## TASK DESCRIPTION
Output every line below as it stands, dropping only the images.

[Saved entries]
══════════
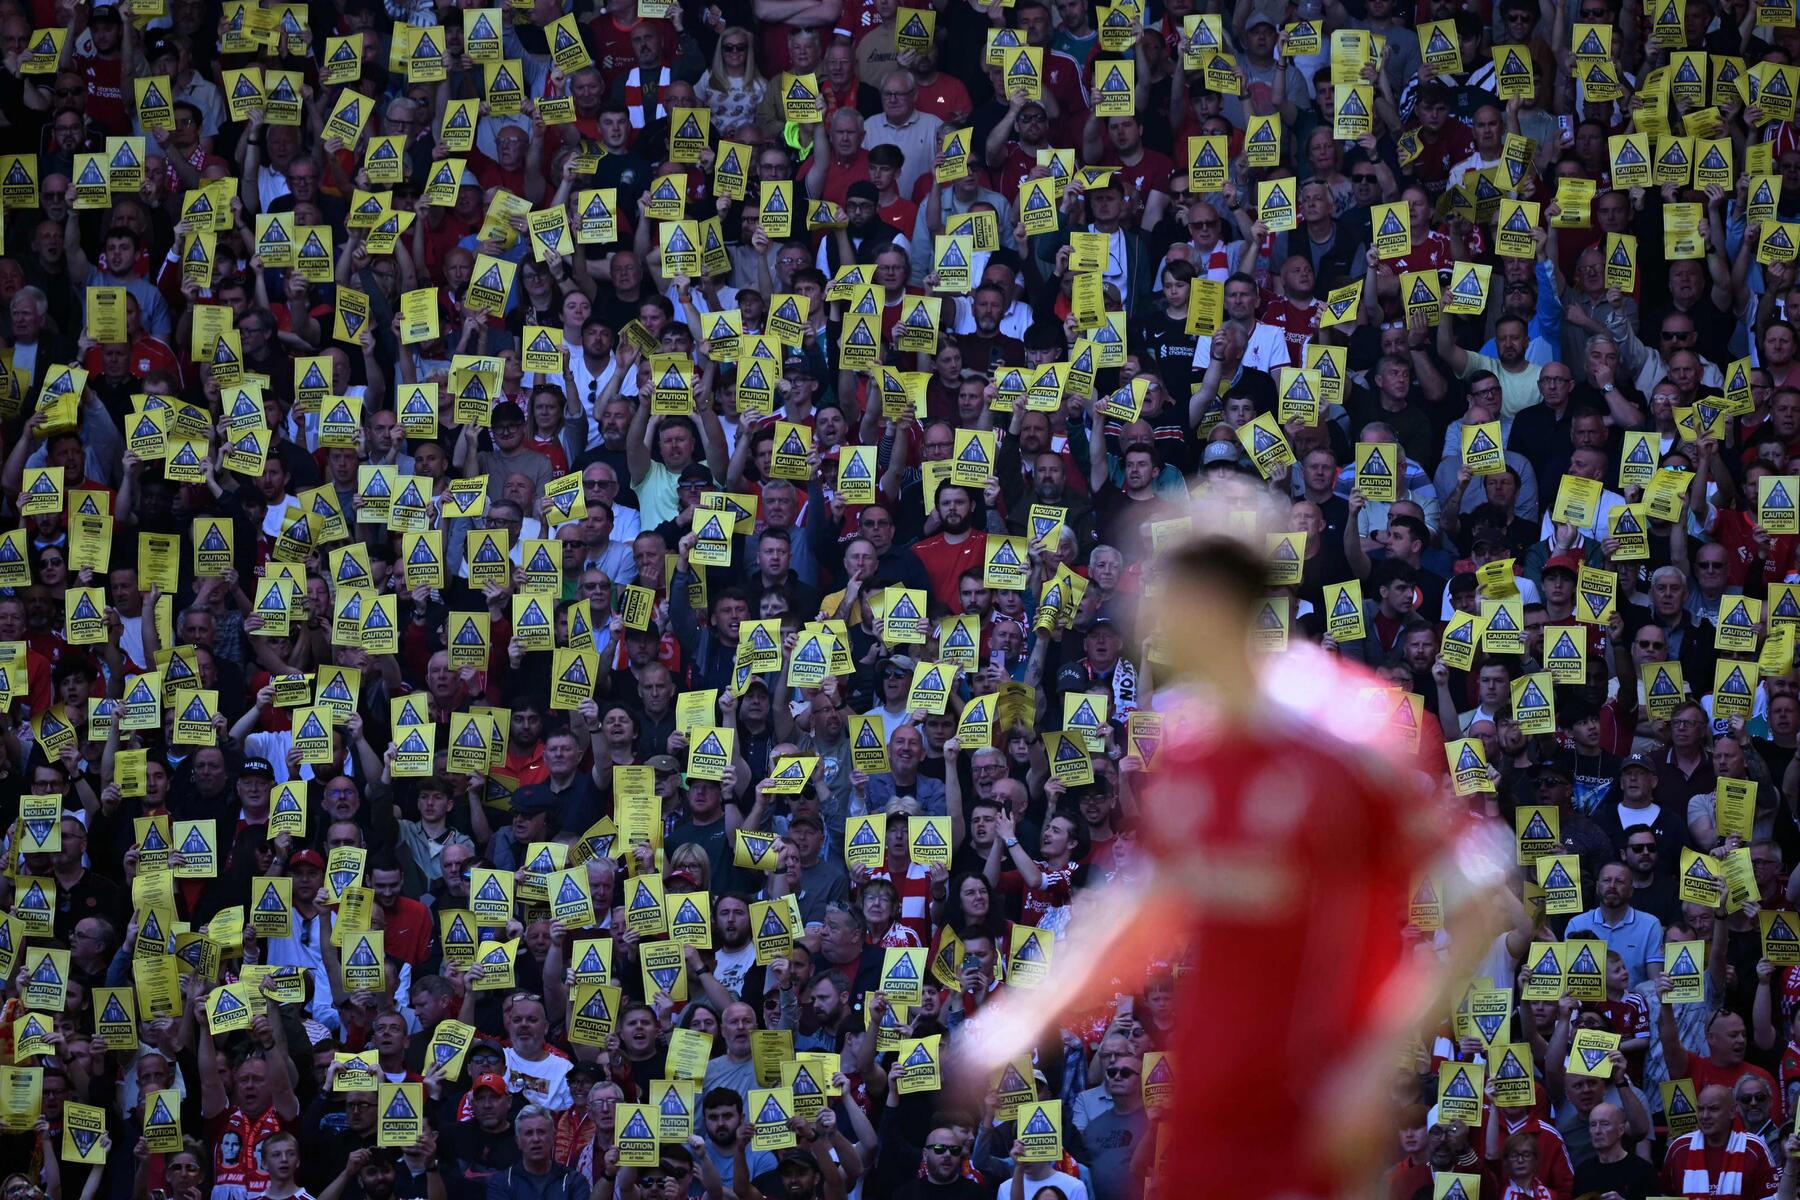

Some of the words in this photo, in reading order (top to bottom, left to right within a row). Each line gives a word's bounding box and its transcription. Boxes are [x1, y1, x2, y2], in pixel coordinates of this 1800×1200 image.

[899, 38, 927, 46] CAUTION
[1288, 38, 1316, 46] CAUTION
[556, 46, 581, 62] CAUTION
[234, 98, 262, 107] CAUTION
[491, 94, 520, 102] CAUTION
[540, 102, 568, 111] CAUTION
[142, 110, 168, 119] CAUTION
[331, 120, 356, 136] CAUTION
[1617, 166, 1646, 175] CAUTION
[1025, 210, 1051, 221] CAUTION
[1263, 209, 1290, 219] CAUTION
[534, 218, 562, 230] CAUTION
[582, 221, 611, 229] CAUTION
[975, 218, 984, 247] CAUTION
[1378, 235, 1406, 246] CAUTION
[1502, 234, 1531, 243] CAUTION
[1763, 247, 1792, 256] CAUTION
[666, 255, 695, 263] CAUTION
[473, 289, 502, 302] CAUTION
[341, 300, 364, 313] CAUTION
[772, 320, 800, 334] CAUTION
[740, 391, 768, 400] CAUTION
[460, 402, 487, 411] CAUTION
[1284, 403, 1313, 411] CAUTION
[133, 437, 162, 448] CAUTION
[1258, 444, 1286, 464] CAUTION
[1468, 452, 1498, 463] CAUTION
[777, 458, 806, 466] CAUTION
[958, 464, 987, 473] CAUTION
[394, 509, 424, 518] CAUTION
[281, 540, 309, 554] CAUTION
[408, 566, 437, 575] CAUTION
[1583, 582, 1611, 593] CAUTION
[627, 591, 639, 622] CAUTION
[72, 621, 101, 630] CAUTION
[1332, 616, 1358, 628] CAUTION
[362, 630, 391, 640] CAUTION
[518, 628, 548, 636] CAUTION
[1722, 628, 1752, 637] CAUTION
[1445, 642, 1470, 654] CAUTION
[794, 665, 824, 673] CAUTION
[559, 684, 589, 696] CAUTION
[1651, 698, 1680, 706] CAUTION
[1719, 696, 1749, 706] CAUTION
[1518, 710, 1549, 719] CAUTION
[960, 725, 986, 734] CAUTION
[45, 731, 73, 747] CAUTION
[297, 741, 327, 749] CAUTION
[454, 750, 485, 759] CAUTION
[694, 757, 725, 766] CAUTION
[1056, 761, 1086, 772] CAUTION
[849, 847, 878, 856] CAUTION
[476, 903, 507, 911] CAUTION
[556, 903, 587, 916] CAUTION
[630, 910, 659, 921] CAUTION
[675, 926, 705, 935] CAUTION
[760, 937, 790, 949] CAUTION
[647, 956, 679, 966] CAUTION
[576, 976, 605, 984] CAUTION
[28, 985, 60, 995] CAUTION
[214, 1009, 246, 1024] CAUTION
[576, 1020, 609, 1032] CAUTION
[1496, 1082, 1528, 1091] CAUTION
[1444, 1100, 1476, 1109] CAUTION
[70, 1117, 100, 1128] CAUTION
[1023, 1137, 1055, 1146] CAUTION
══════════
## FINISHED TASK
Some of the words in this photo, in reading order (top to bottom, left to right within a row). Each line gives a word's bounding box and its transcription. Boxes are [x1, y1, x2, y2], in pixel coordinates of this 1800×1200 image.

[899, 38, 927, 46] CAUTION
[1288, 38, 1316, 46] CAUTION
[556, 46, 581, 62] CAUTION
[234, 98, 262, 107] CAUTION
[491, 94, 520, 102] CAUTION
[540, 102, 568, 111] CAUTION
[142, 110, 168, 119] CAUTION
[331, 120, 356, 136] CAUTION
[1617, 166, 1646, 175] CAUTION
[1025, 210, 1051, 221] CAUTION
[1263, 209, 1290, 219] CAUTION
[534, 218, 562, 230] CAUTION
[582, 221, 611, 229] CAUTION
[975, 218, 984, 247] CAUTION
[1378, 235, 1406, 246] CAUTION
[1502, 234, 1531, 243] CAUTION
[1763, 247, 1792, 256] CAUTION
[666, 255, 695, 263] CAUTION
[473, 289, 502, 302] CAUTION
[341, 300, 364, 313] CAUTION
[772, 320, 800, 334] CAUTION
[740, 391, 768, 400] CAUTION
[460, 402, 487, 411] CAUTION
[1284, 403, 1313, 411] CAUTION
[133, 437, 162, 448] CAUTION
[1258, 444, 1286, 464] CAUTION
[1468, 452, 1498, 463] CAUTION
[777, 458, 806, 466] CAUTION
[958, 464, 987, 473] CAUTION
[394, 509, 424, 518] CAUTION
[281, 540, 309, 554] CAUTION
[408, 566, 437, 575] CAUTION
[1583, 582, 1611, 593] CAUTION
[627, 591, 639, 622] CAUTION
[72, 621, 101, 630] CAUTION
[1332, 616, 1358, 628] CAUTION
[362, 630, 391, 640] CAUTION
[518, 628, 548, 636] CAUTION
[1722, 628, 1752, 637] CAUTION
[1445, 642, 1470, 654] CAUTION
[794, 665, 824, 673] CAUTION
[559, 684, 589, 696] CAUTION
[1651, 698, 1680, 706] CAUTION
[1719, 696, 1749, 706] CAUTION
[1518, 710, 1549, 719] CAUTION
[960, 725, 986, 734] CAUTION
[45, 731, 73, 747] CAUTION
[297, 741, 327, 749] CAUTION
[454, 750, 485, 759] CAUTION
[694, 757, 725, 766] CAUTION
[1056, 761, 1086, 772] CAUTION
[849, 847, 878, 856] CAUTION
[476, 903, 507, 911] CAUTION
[556, 903, 587, 916] CAUTION
[630, 910, 659, 921] CAUTION
[675, 926, 705, 935] CAUTION
[760, 937, 790, 949] CAUTION
[647, 956, 679, 966] CAUTION
[576, 976, 605, 984] CAUTION
[28, 985, 60, 995] CAUTION
[214, 1009, 246, 1024] CAUTION
[576, 1020, 609, 1032] CAUTION
[1496, 1082, 1528, 1091] CAUTION
[1444, 1100, 1476, 1109] CAUTION
[70, 1117, 100, 1128] CAUTION
[1023, 1137, 1055, 1146] CAUTION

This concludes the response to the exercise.